START RECORD EXCERPTS

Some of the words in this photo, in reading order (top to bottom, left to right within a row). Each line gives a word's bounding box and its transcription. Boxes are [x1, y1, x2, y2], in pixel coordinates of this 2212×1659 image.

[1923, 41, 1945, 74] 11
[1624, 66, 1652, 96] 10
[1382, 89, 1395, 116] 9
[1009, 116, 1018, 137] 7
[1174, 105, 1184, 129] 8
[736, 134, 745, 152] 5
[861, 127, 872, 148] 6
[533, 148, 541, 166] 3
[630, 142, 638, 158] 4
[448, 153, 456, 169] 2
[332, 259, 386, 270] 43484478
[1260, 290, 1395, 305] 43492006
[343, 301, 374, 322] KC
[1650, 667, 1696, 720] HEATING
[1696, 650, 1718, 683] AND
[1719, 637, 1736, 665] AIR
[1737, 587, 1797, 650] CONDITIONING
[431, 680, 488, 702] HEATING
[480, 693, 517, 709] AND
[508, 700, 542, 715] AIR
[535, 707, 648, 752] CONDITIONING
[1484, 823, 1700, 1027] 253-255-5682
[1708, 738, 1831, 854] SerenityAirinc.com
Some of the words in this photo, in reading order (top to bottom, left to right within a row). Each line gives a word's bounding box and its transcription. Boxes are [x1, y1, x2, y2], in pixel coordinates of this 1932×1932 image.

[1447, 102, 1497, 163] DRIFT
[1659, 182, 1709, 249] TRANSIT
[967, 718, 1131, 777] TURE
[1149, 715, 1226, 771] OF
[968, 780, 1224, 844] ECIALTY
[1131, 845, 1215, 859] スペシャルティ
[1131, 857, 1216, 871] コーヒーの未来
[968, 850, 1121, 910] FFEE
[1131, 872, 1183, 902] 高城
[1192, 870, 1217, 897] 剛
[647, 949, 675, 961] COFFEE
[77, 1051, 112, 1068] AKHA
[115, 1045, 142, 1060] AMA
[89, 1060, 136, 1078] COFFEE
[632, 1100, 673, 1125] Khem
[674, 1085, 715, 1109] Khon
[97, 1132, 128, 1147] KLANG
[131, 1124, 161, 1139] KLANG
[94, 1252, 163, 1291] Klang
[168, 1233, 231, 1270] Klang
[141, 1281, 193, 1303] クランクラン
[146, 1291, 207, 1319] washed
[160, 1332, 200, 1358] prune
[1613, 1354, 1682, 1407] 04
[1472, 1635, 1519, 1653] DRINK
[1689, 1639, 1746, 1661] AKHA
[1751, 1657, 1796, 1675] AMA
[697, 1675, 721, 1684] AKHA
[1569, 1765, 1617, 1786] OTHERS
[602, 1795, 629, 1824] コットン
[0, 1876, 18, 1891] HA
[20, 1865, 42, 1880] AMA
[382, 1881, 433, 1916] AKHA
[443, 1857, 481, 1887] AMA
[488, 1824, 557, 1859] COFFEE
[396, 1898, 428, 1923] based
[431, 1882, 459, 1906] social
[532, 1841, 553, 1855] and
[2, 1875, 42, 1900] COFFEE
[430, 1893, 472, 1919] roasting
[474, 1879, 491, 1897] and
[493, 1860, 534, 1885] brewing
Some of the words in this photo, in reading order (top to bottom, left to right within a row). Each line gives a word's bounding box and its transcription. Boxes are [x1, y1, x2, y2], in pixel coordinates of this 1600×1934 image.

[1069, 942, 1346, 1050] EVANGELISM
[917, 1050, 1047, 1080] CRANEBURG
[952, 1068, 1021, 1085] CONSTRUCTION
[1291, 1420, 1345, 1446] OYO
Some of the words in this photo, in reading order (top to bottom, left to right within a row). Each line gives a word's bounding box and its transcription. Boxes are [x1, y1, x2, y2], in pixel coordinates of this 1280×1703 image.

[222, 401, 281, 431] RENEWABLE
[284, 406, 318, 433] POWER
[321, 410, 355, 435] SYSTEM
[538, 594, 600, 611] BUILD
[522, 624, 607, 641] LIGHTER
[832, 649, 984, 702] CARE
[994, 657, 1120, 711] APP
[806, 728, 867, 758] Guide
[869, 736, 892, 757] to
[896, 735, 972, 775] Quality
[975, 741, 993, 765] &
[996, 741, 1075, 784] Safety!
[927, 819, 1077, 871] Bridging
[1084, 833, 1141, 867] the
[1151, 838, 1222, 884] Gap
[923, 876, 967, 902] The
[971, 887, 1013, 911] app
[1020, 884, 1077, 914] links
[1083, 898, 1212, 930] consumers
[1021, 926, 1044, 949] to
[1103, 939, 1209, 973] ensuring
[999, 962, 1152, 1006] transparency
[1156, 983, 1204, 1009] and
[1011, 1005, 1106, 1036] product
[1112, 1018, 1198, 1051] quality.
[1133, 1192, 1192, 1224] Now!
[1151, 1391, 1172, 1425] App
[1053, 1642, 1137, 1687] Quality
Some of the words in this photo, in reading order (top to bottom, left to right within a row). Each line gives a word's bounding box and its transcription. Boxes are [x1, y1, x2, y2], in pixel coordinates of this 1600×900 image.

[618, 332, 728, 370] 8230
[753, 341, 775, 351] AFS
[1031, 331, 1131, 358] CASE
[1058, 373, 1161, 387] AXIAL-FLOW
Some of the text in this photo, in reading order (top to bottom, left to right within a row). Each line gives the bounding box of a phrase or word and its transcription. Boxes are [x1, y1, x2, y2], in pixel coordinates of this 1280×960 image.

END RECORD EXCERPTS

## [WORK TO COMPLETE]
The expected output is the complete data, repeated exactly.

## [ANSWER SECTION]
Some of the words in this photo, in reading order (top to bottom, left to right within a row). Each line gives a word's bounding box and its transcription. Boxes are [x1, y1, x2, y2], in pixel coordinates of this 2212×1659 image.

[1923, 41, 1945, 74] 11
[1624, 66, 1652, 96] 10
[1382, 89, 1395, 116] 9
[1009, 116, 1018, 137] 7
[1174, 105, 1184, 129] 8
[736, 134, 745, 152] 5
[861, 127, 872, 148] 6
[533, 148, 541, 166] 3
[630, 142, 638, 158] 4
[448, 153, 456, 169] 2
[332, 259, 386, 270] 43484478
[1260, 290, 1395, 305] 43492006
[343, 301, 374, 322] KC
[1650, 667, 1696, 720] HEATING
[1696, 650, 1718, 683] AND
[1719, 637, 1736, 665] AIR
[1737, 587, 1797, 650] CONDITIONING
[431, 680, 488, 702] HEATING
[480, 693, 517, 709] AND
[508, 700, 542, 715] AIR
[535, 707, 648, 752] CONDITIONING
[1484, 823, 1700, 1027] 253-255-5682
[1708, 738, 1831, 854] SerenityAirinc.com
Some of the words in this photo, in reading order (top to bottom, left to right within a row). Each line gives a word's bounding box and its transcription. Boxes are [x1, y1, x2, y2], in pixel coordinates of this 1932×1932 image.

[1447, 102, 1497, 163] DRIFT
[1659, 182, 1709, 249] TRANSIT
[967, 718, 1131, 777] TURE
[1149, 715, 1226, 771] OF
[968, 780, 1224, 844] ECIALTY
[1131, 845, 1215, 859] スペシャルティ
[1131, 857, 1216, 871] コーヒーの未来
[968, 850, 1121, 910] FFEE
[1131, 872, 1183, 902] 高城
[1192, 870, 1217, 897] 剛
[647, 949, 675, 961] COFFEE
[77, 1051, 112, 1068] AKHA
[115, 1045, 142, 1060] AMA
[89, 1060, 136, 1078] COFFEE
[632, 1100, 673, 1125] Khem
[674, 1085, 715, 1109] Khon
[97, 1132, 128, 1147] KLANG
[131, 1124, 161, 1139] KLANG
[94, 1252, 163, 1291] Klang
[168, 1233, 231, 1270] Klang
[141, 1281, 193, 1303] クランクラン
[146, 1291, 207, 1319] washed
[160, 1332, 200, 1358] prune
[1613, 1354, 1682, 1407] 04
[1472, 1635, 1519, 1653] DRINK
[1689, 1639, 1746, 1661] AKHA
[1751, 1657, 1796, 1675] AMA
[697, 1675, 721, 1684] AKHA
[1569, 1765, 1617, 1786] OTHERS
[602, 1795, 629, 1824] コットン
[0, 1876, 18, 1891] HA
[20, 1865, 42, 1880] AMA
[382, 1881, 433, 1916] AKHA
[443, 1857, 481, 1887] AMA
[488, 1824, 557, 1859] COFFEE
[396, 1898, 428, 1923] based
[431, 1882, 459, 1906] social
[532, 1841, 553, 1855] and
[2, 1875, 42, 1900] COFFEE
[430, 1893, 472, 1919] roasting
[474, 1879, 491, 1897] and
[493, 1860, 534, 1885] brewing
Some of the words in this photo, in reading order (top to bottom, left to right within a row). Each line gives a word's bounding box and its transcription. Boxes are [x1, y1, x2, y2], in pixel coordinates of this 1600×1934 image.

[1069, 942, 1346, 1050] EVANGELISM
[917, 1050, 1047, 1080] CRANEBURG
[952, 1068, 1021, 1085] CONSTRUCTION
[1291, 1420, 1345, 1446] OYO
Some of the words in this photo, in reading order (top to bottom, left to right within a row). Each line gives a word's bounding box and its transcription. Boxes are [x1, y1, x2, y2], in pixel coordinates of this 1280×1703 image.

[222, 401, 281, 431] RENEWABLE
[284, 406, 318, 433] POWER
[321, 410, 355, 435] SYSTEM
[538, 594, 600, 611] BUILD
[522, 624, 607, 641] LIGHTER
[832, 649, 984, 702] CARE
[994, 657, 1120, 711] APP
[806, 728, 867, 758] Guide
[869, 736, 892, 757] to
[896, 735, 972, 775] Quality
[975, 741, 993, 765] &
[996, 741, 1075, 784] Safety!
[927, 819, 1077, 871] Bridging
[1084, 833, 1141, 867] the
[1151, 838, 1222, 884] Gap
[923, 876, 967, 902] The
[971, 887, 1013, 911] app
[1020, 884, 1077, 914] links
[1083, 898, 1212, 930] consumers
[1021, 926, 1044, 949] to
[1103, 939, 1209, 973] ensuring
[999, 962, 1152, 1006] transparency
[1156, 983, 1204, 1009] and
[1011, 1005, 1106, 1036] product
[1112, 1018, 1198, 1051] quality.
[1133, 1192, 1192, 1224] Now!
[1151, 1391, 1172, 1425] App
[1053, 1642, 1137, 1687] Quality
Some of the words in this photo, in reading order (top to bottom, left to right within a row). Each line gives a word's bounding box and its transcription. Boxes are [x1, y1, x2, y2], in pixel coordinates of this 1600×900 image.

[618, 332, 728, 370] 8230
[753, 341, 775, 351] AFS
[1031, 331, 1131, 358] CASE
[1058, 373, 1161, 387] AXIAL-FLOW
Some of the text in this photo, in reading order (top to bottom, left to right within a row). Each line gives the bounding box of a phrase or word and its transcription. Boxes are [x1, y1, x2, y2], in pixel coordinates of this 1280×960 image.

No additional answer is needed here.